250 piano pieces for Beethoven

250 piano pieces for Beethoven
After my colleague Arno Luecker has begun his analysis project of every single bar op.111 on this blog it is only fitting that we talk about another monumental project involving the name of Beethoven. This one has been initiated by Susanne Kessel, a very industrious and active pianist from the city of Bonn, who has already created countless fascinating projects with a variety of composers.


But this time she has created something like the Mount Everest of all homage projects: “250 piano pieces for Beethoven”. In the year 2020 Beethoven will celebrate his 250th birthday, and that was reason enough for Kessel to start this undertaking that will involve not only the commission of 250 pieces to 250 different composers from all around the world, but also her complete dedication to continuously perform and record these pieces during the upcoming years and to also oversee their publication.

The first volume has just now been published. It is the first of 10 planned lavish editions each featuring 25 pieces. The most surprising thing about the edition is the sheer diversity of composers. So you find somebody like Helmut Zerlett (long-time musical companion to famous German talk-show host Harald Schmidt) next to German Avantgarde grand master York Höller, Turkish film composer Ali N. Askin next to experimental composer Walter Zimmermann. Many of the composers are instrumentalists themselves (like Dennis Kuhn, founder of the Mannheimer Schlagwerk ensemble) or William Kraft, also a percussionist and well-known American composer.

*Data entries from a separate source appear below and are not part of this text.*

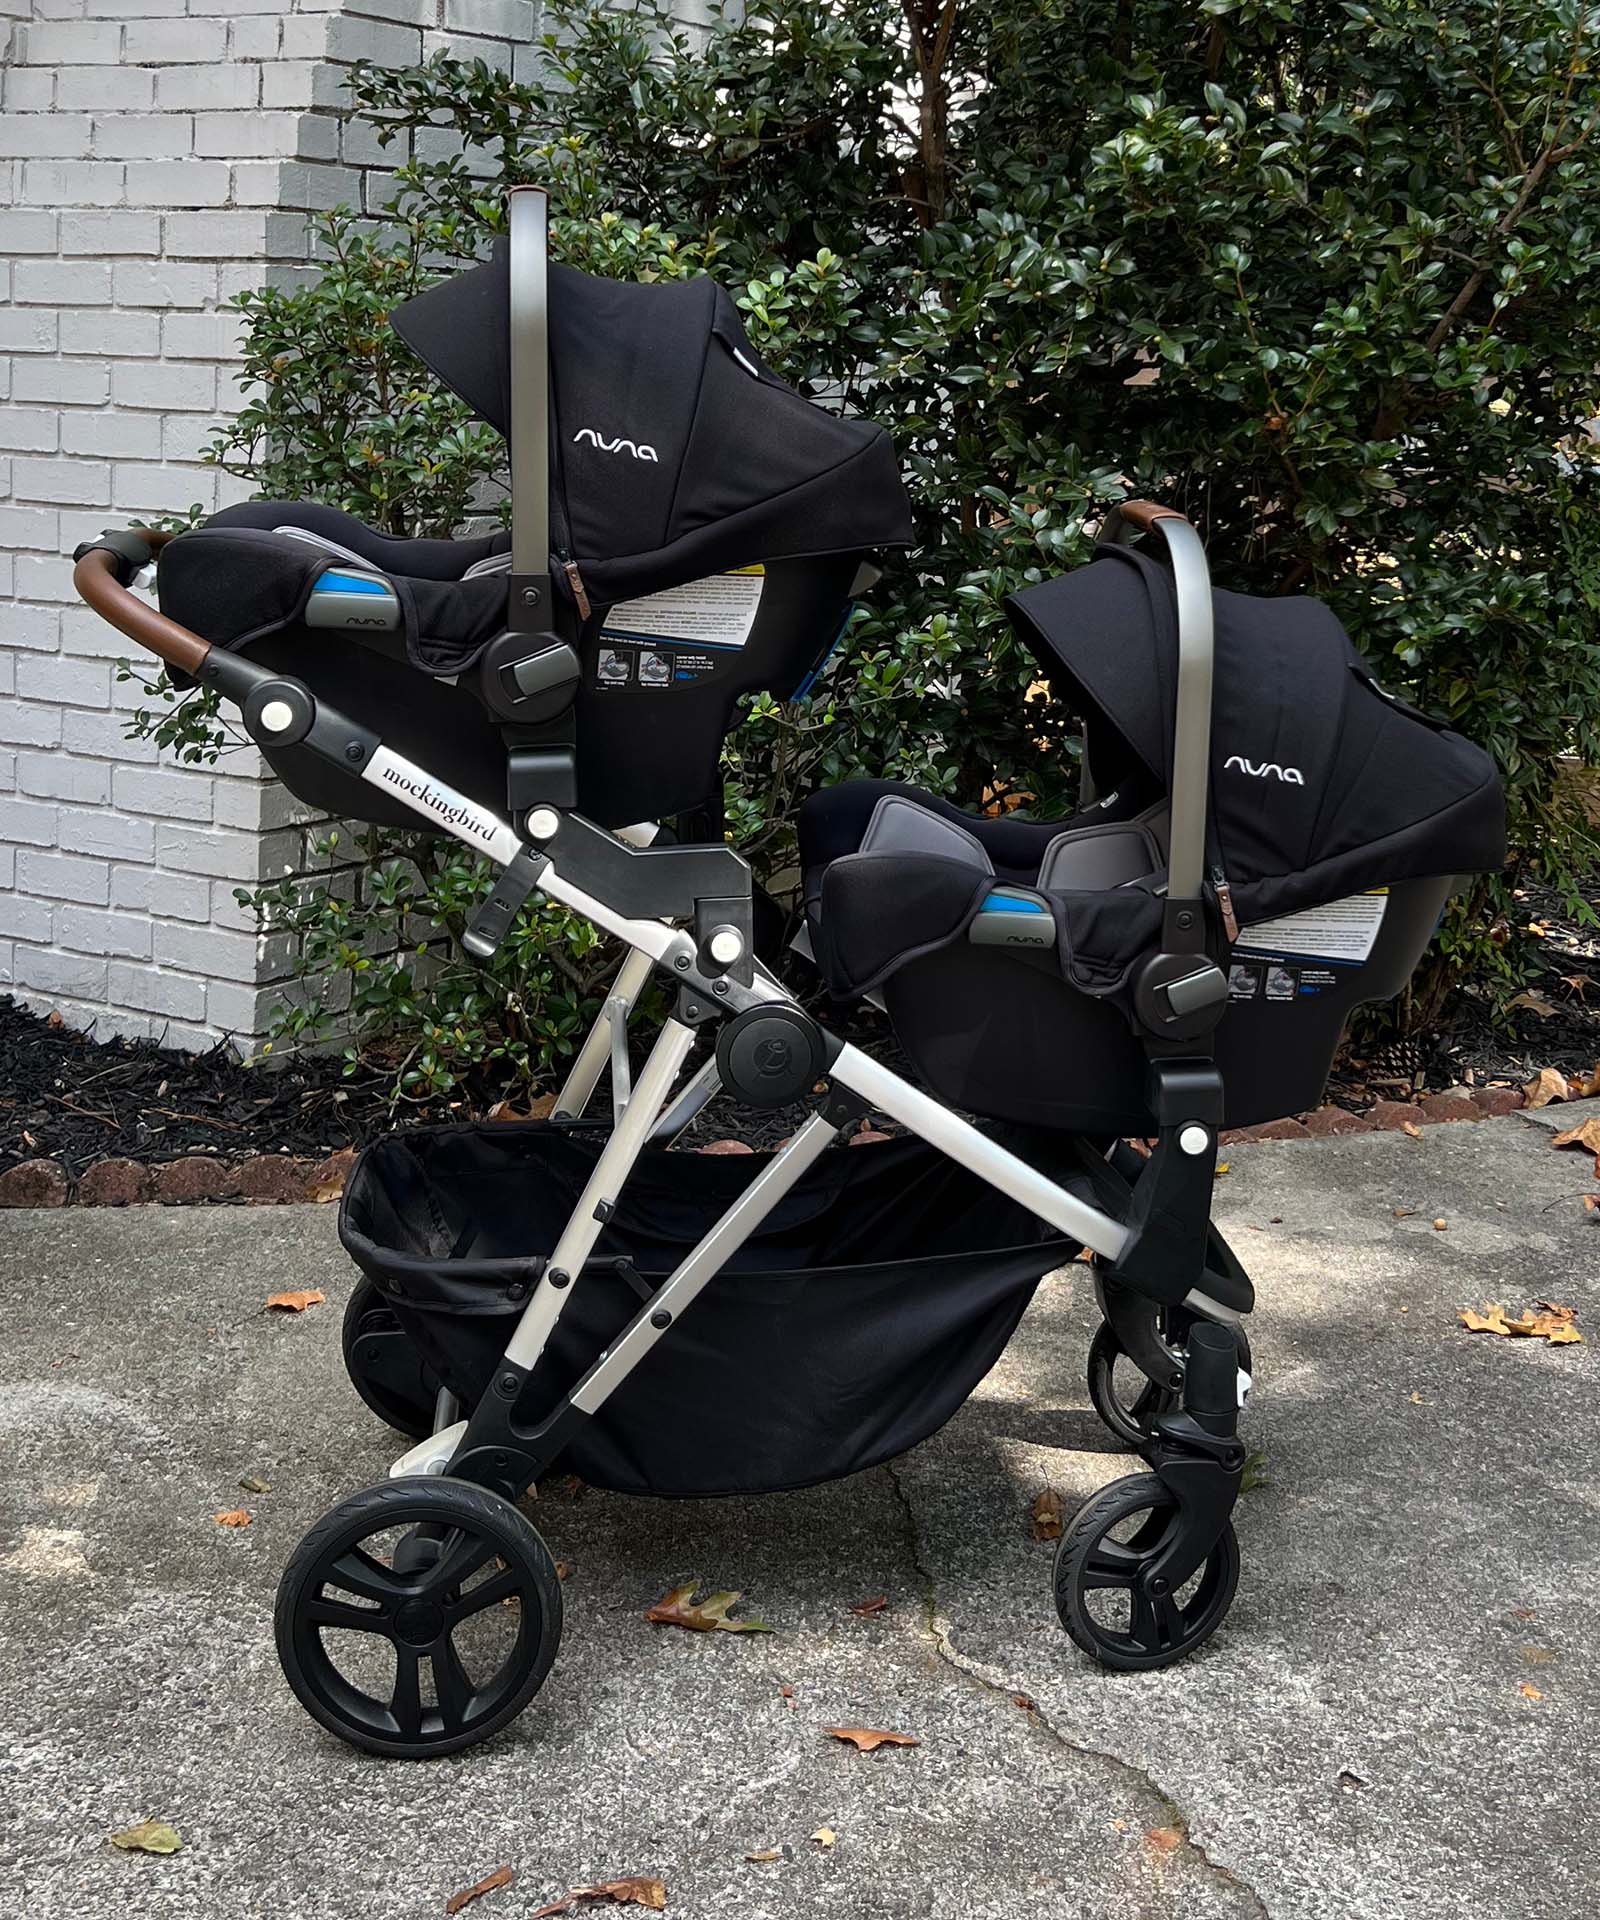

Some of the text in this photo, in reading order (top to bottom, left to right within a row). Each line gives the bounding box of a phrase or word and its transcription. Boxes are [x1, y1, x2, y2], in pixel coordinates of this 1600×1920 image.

[573, 428, 658, 463] nuna
[1223, 755, 1305, 786] nuna
[382, 767, 498, 841] mockingbird
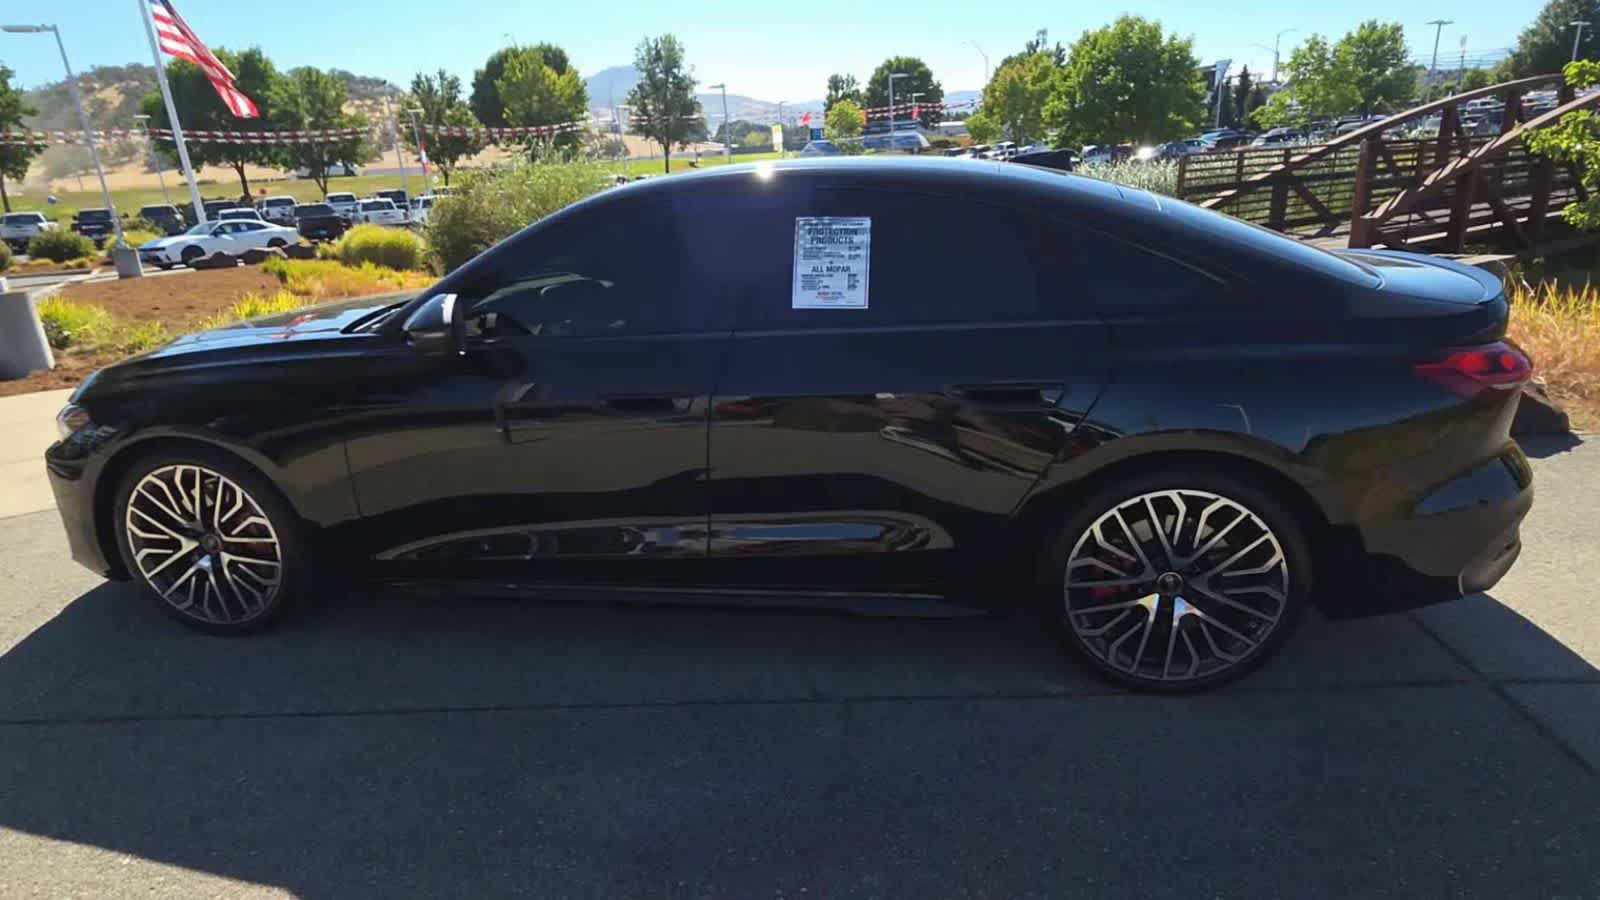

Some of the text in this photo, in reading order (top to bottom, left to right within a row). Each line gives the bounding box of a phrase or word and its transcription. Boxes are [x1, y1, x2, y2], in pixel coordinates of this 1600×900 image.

[807, 228, 858, 236] PROTECTION
[810, 237, 855, 245] PRODUCTS
[811, 265, 851, 273] ALL MOPAR

The edition has been made possible by countless individual donations and the editorial work of Greek composer Nikolas Sideris (who also has a composition in this volume). It’s printed on high quality-paper, and is a lot of fun to read and play. The pieces range from simple to hefty regarding difficulty, and there is a wide range of performance practices, inside piano playing, theatrical elements, improvisation, etc.

All the pieces refer to Beethoven, in very different manners. Some use quotes of his music, some even concentrate on a single chord (like Johannes Quint), others are more freeform homages. But the most fascinating thing about the project is the fact that at some point in 2020 we will have a truly unique and world-encompassing compendium of 21st century piano music from all ranges of style and musical approach. And that alone makes the project highly notable, even without the connection to Beethoven (which will assure public interest).

The workload behind the project is humungous – even at this moment Susanne Kessel is approaching new composers for the project and playing concerts with already existing pieces tirelessly, while Nikolas Sideris is preparing the next editions by converting dozens of different music formats for printing and overseeing their editing.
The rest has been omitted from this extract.